Il en va de même dans le domaine social et politique. Le
pessimiste ne rêve pas d’une Cité idéale : il sait que, dans

n’importe quelle organisation sociale, l’ivraie sera toujours
inséparable du bon grain, et cette conviction le rend très réticent
devant tous les essais de bouleversement de l’ordre établi.
Il ne préfère pas l’injustice au désordre, suivant le mot célèbre
de Goethe ; il incline plutôt à tolérer la moindre injustice,
rançon de l’ordre, par crainte de la pire injustice, fruit
du désordre. Ce qui n’implique ni l’immobilisme, ni l’adhésion
passive à n’importe quelle tyrannie, mais la patiente
recherche d’un juste équilibre entre ce qui est souhaitable et
ce qui est possible. Il conforme sa conduite à la prière du
Sage qui demandait aux dieux ces trois grâces : améliorer ce
qui peut être amélioré, supporter ce qui ne peut pas être
amélioré et enfin – faveur suprême ! – savoir distinguer
entre les deux.
C’est dans ce relativisme supérieur, où la conscience des
imperfections de l’ordre social n’entraîne pas l’incessante et
ruineuse remise en question de ses fondements, qu’il puise
les principes d’une politique stable et à longue échéance qui
permet l’éclosion et l’épanouissement de toute vraie civilisation.
La Cité terrestre est comme un arbre qu’on doit sans
cesse émonder et tailler. On ne gagne rien – sauf dans quelques
circonstances extrêmes – à l’arracher, car après avoir
dénudé ses racines et compromis sa vitalité, c’est sur le
même terrain ingrat et malsain – la nature humaine –
qu’il faudra le repiquer. Cette politique du moindre mal,
il est facile de la taxer de médiocrité. C’est pourtant celle
des plus grands esprits qui ont su voir, au-delà de la pureté
des principes, le venin des conséquences. Marc Aurèle était-il
donc un médiocre lorsqu’il écrivait, après vingt ans de gouvernement
et toute une vie de vertu : « Ne rêve plus de la
République de Platon », ou Pascal avec son apologue des
quatre laquais ? Et Schopenhauer disant que les rois devraient
écrire sur leurs lettres patentes : « nous, de deux maux
le moindre » au lieu de « nous, par la grâce de Dieu » ?

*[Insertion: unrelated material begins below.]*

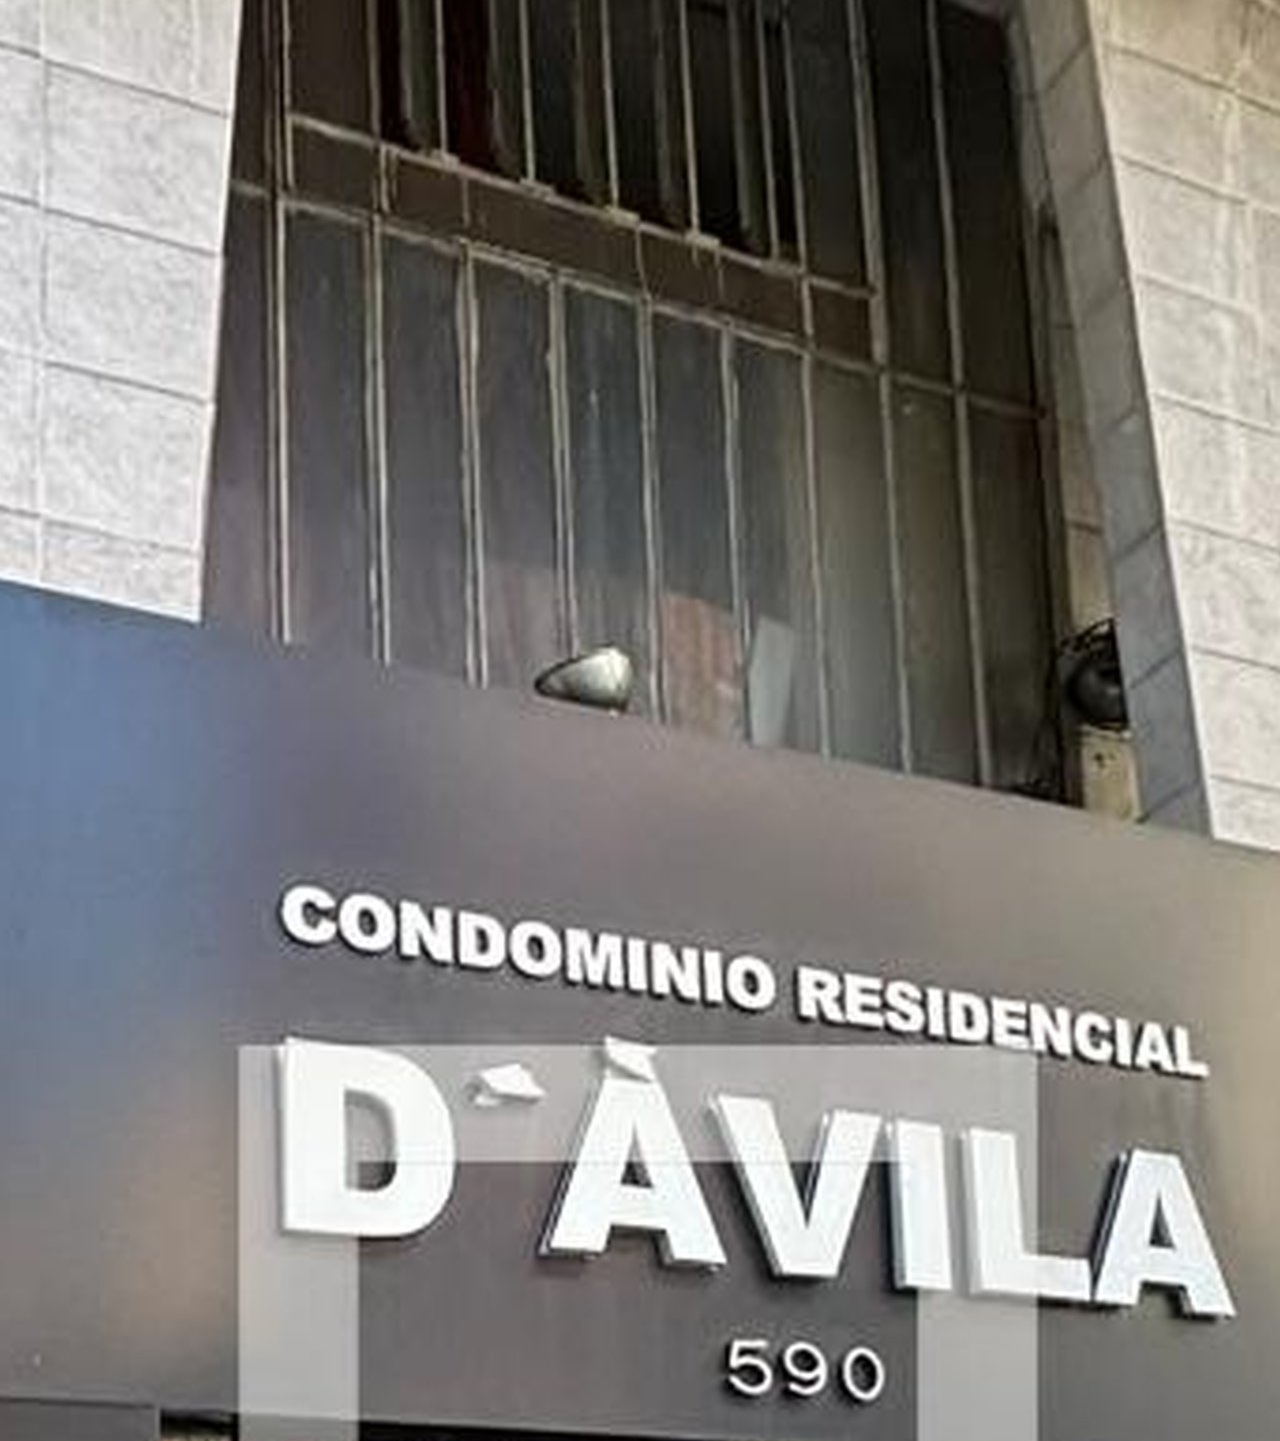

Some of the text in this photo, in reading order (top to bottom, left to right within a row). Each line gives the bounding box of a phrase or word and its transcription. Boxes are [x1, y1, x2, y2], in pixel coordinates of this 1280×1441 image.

[281, 885, 1209, 1078] CONDOMINIO RESIDENCIAL
[726, 1339, 886, 1403] 590

L’un d’ailleurs n’exclut pas l’autre, car l’autorité vient de
Dieu comme l’homme et, comme lui, elle est imparfaite …
Mais l’optimisme, comme il fait l’individu mécontent, fait

le citoyen révolté. Celui qui croit à la perfection – ou du
moins à la perfectibilité indéfinie de la nature humaine –
accepte d’un coeur léger le risque révolutionnaire : il ne
doute pas que la justice sortira automatiquement du désordre.

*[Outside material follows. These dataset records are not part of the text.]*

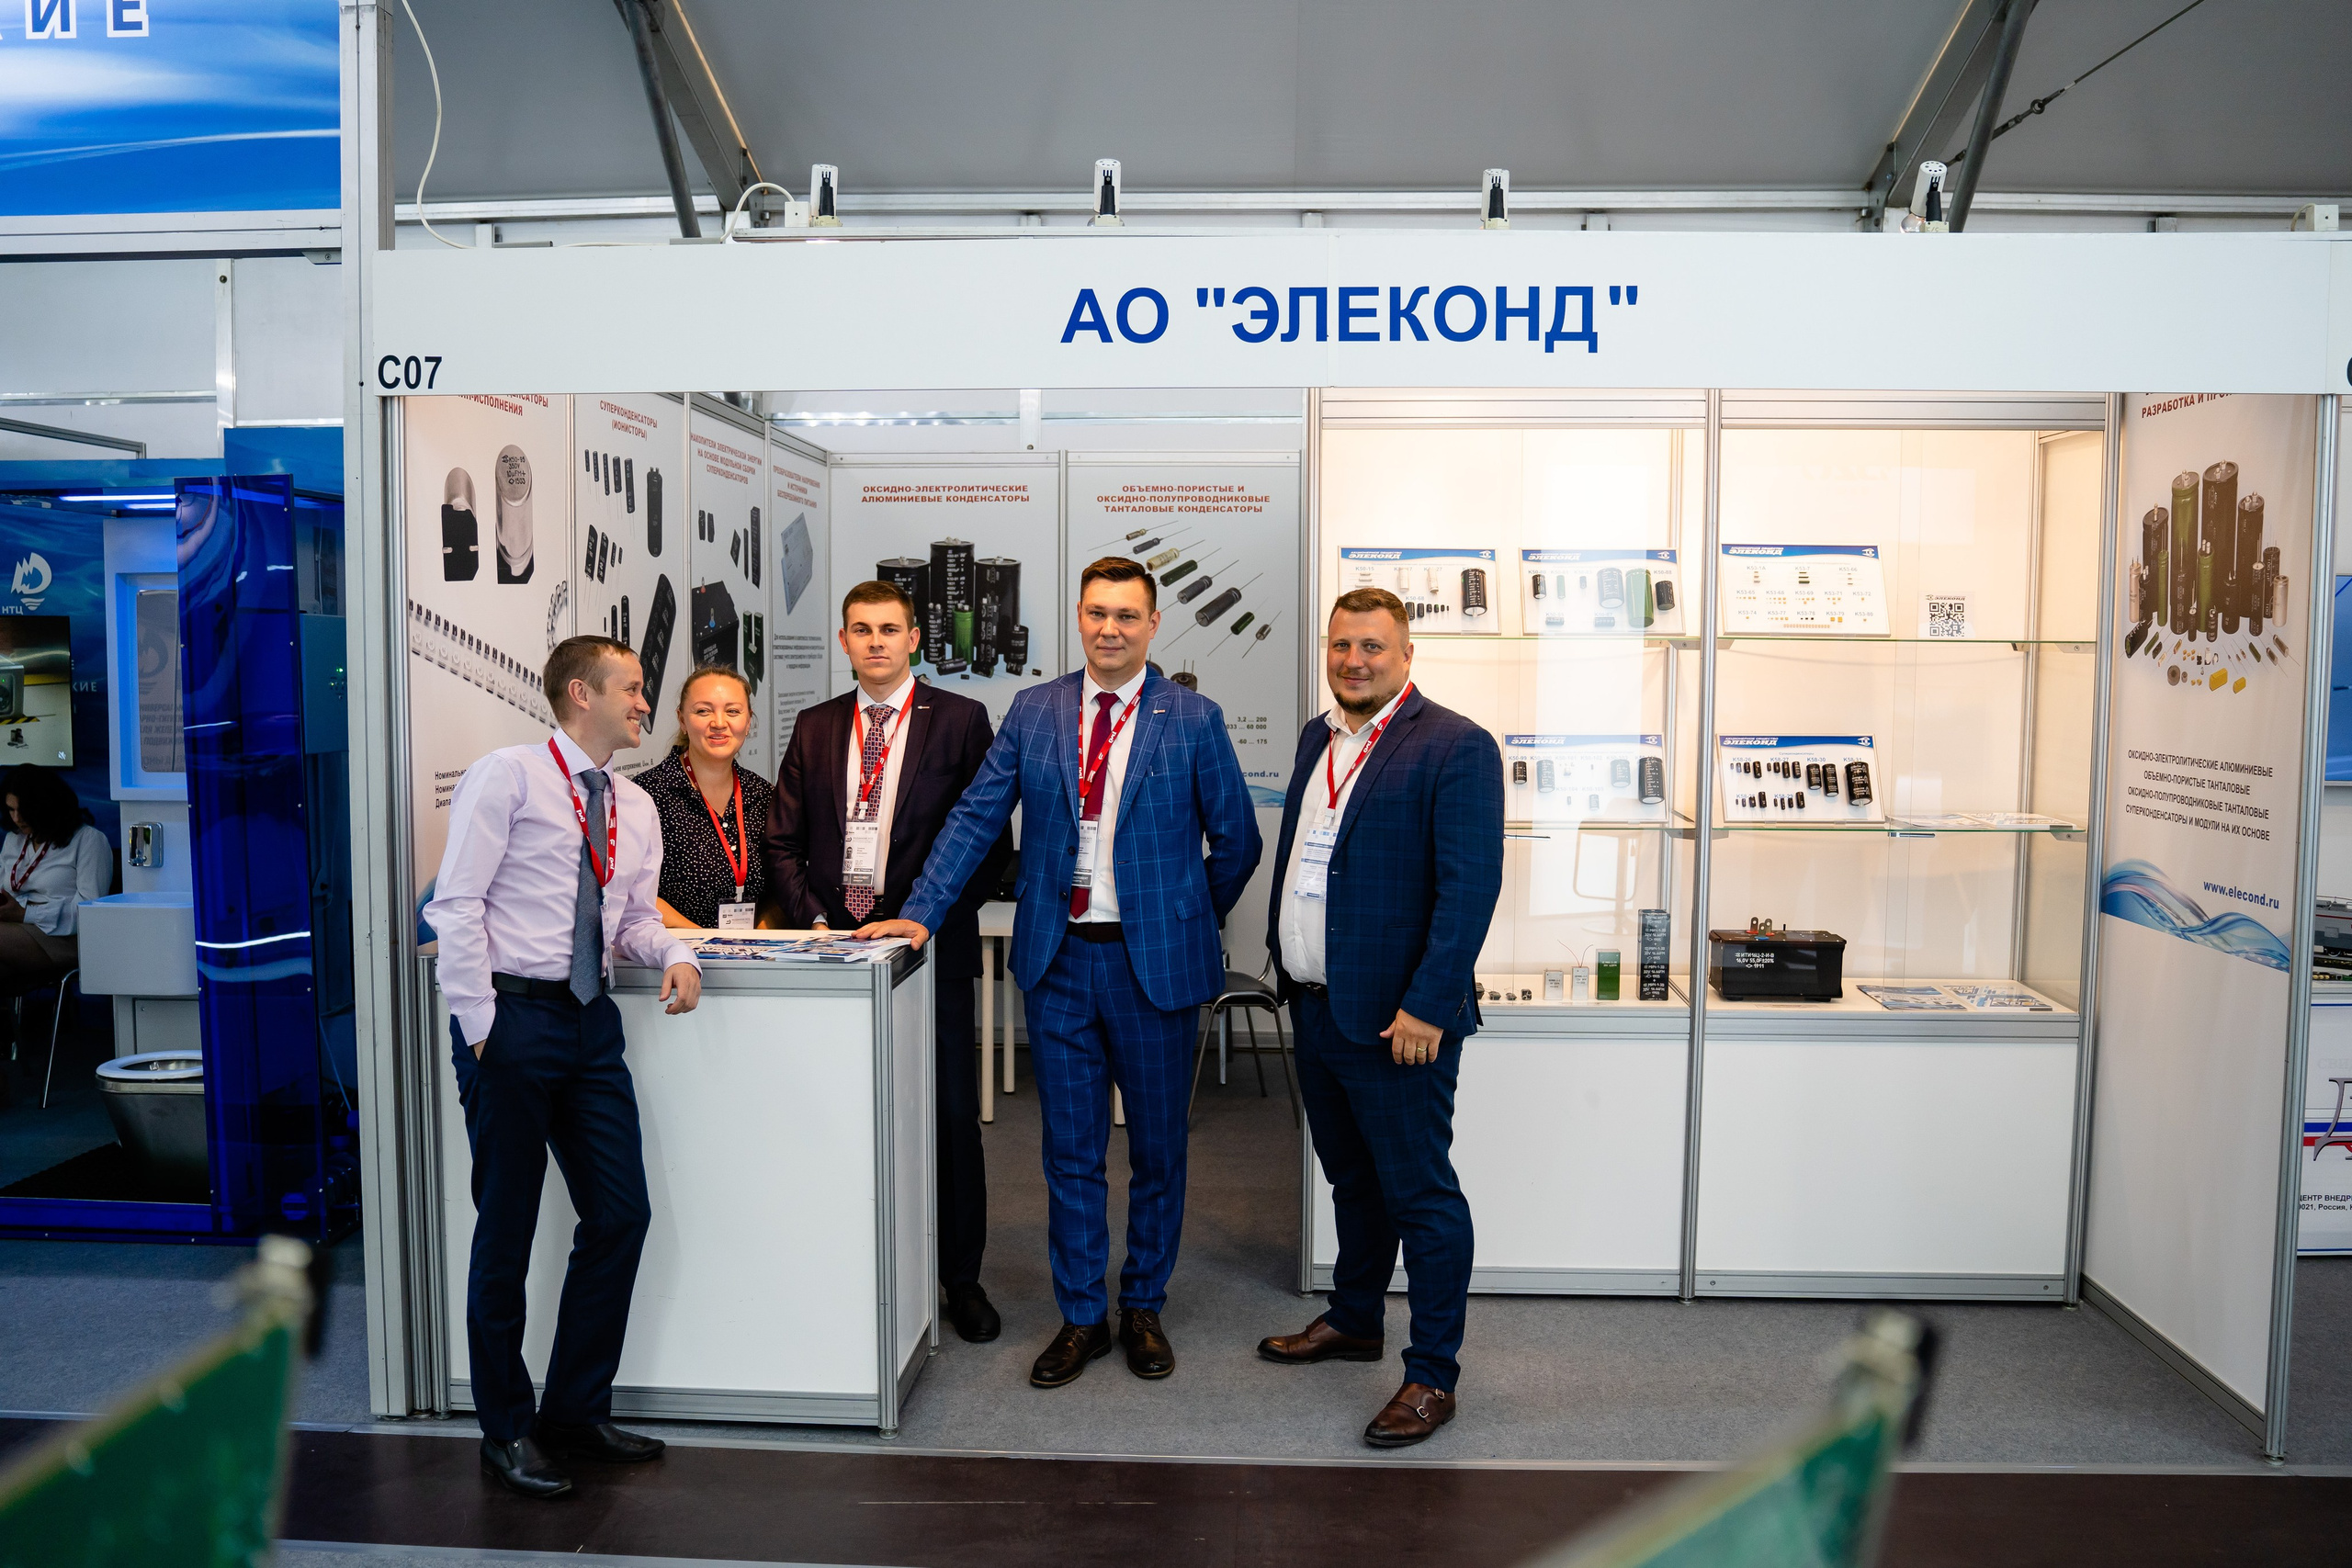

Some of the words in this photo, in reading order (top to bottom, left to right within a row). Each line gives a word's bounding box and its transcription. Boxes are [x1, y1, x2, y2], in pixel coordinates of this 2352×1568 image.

[1061, 287, 1170, 344] АО
[1196, 285, 1639, 354] "ЭЛЕКОНД"
[599, 400, 658, 429] СУПЕРКОНДЕНСАТОРЫ
[2142, 394, 2195, 419] РАЗРАБОТКА
[861, 495, 943, 503] АЛЮМИНИЕВЫЕ
[945, 495, 1030, 503] КОНДЕНСАТОРЫ
[863, 485, 1028, 493] ОКСИДНО-ЭЛЕКТРОЛИТИЧЕСКИЕ
[1097, 495, 1271, 503] ОКСИДНО-ПОЛУПРОВОДНИКОВЫЕ
[1178, 505, 1262, 513] КОНДЕНСАТОРЫ
[2, 606, 24, 615] НТЦ
[435, 769, 467, 780] Номинальн
[2128, 750, 2218, 771] ОКСИДНО-ЭЛЕКТРОЛИТИЧЕСКИЕ
[2220, 761, 2273, 778] АЛЮМИНИЕВЫЕ
[2143, 770, 2206, 789] ОБЪЕМНО-ПОРИСТЫЕ
[2207, 779, 2250, 795] ТАНТАЛОВЫЕ
[2128, 786, 2222, 812] ОКСИДНО-ПОЛУПРОВОДНИКОВЫЕ
[2224, 802, 2269, 819] ТАНТАЛОВЫЕ
[2125, 804, 2188, 826] СУПЕРКОНДЕНСАТОРЫ
[2188, 817, 2193, 826] И
[2194, 817, 2220, 832] МОДУЛИ
[2221, 821, 2230, 833] НА
[2232, 824, 2240, 836] ИХ
[2242, 826, 2270, 841] ОСНОВЕ
[2203, 880, 2279, 909] www.elecond.ru

Et il ébranle la Cité réelle en essayant d’y faire pénétrer
de force le paradis de ses rêves. J’ai vu, en mai 1 968,
ces deux slogans affichés sur les murs de la Sorbonne :
« prenez vos désirs pour des réalités » et « je décrète le bonheur
permanent ». Je fais la part du « canular » : celle de
l’explosif n’est pas moindre. Générosité égarée chez les meilleurs,
alibi aux instincts de révolte et d’oppression chez les
tyrans en puissance, les résultats sont les mêmes : le déplacement
et l’aggravation des maux qu’on prétend guérir. Tous
les grands révolutionnaires du monde moderne, Robespierre,
Hitler, Staline, ont déliré d’optimisme : tous nous ont promis
un monde nouveau et régénéré. On connaît la suite. Céline
a résumé le processus dans ces mots indélébiles : « Tous les
assassins voient l’avenir en rose, ça fait partie du métier. »

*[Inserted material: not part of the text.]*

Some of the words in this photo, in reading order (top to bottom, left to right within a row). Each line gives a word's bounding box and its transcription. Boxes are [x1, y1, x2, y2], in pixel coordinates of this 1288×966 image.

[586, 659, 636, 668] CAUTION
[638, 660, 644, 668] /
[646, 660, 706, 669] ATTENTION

L’aurore « aux doigts de rose » qui se lèvera demain- toujours
demain, c’est-à-dire jamais – absout le couchant sanglant
d’aujourd’hui. Les musiques guerrières sont des musiques
toniques, gonflées de force et d’espérance : les crimes
collectifs ne se sont jamais commis aux accents des marches
funèbres …
On m’objectera le drapeau noir de l’anarchie et du désespoir.
Je n’y crois pas. II n’y a pas de révolte sans un levain
d’espérance. Les vrais désespérés ne font pas de révolutions,
ils fuient le monde. Ils ne sont pas l’ennemi, mais l’étranger.
Ce monde, ils le méprisent trop pour l’honorer d’un défi.
Car se mesurer avec lui (belle formule pour désigner le combat
… ), c’est reconnaître l’existence d’une commune mesure
entre soi et l’adversaire et, par-là, lui ressembler.
Que dirai-je de plus ? Tout se résume en ceci qu’un
pessimisme mesuré et vigilant constitue encore le meilleur
ressort de l’équilibre des individus et de la stabilité des
sociétés.

Où est la voie du salut pour celui qui veut rester fidèle à
la sagesse humaine et à l’espérance chrétienne, aux lois du
Dieu créateur et aux appels du Dieu sauveur ?
Nous opposons le même refus au matérialisme de la société
de consommation et à la fausse mystique de la révolution.
Car le premier nous apporte des biens tangibles, mais
dont la possession tourne aussitôt à la satiété et à l’ennui,
et le second nous propose un idéal irréalisable et destructeur.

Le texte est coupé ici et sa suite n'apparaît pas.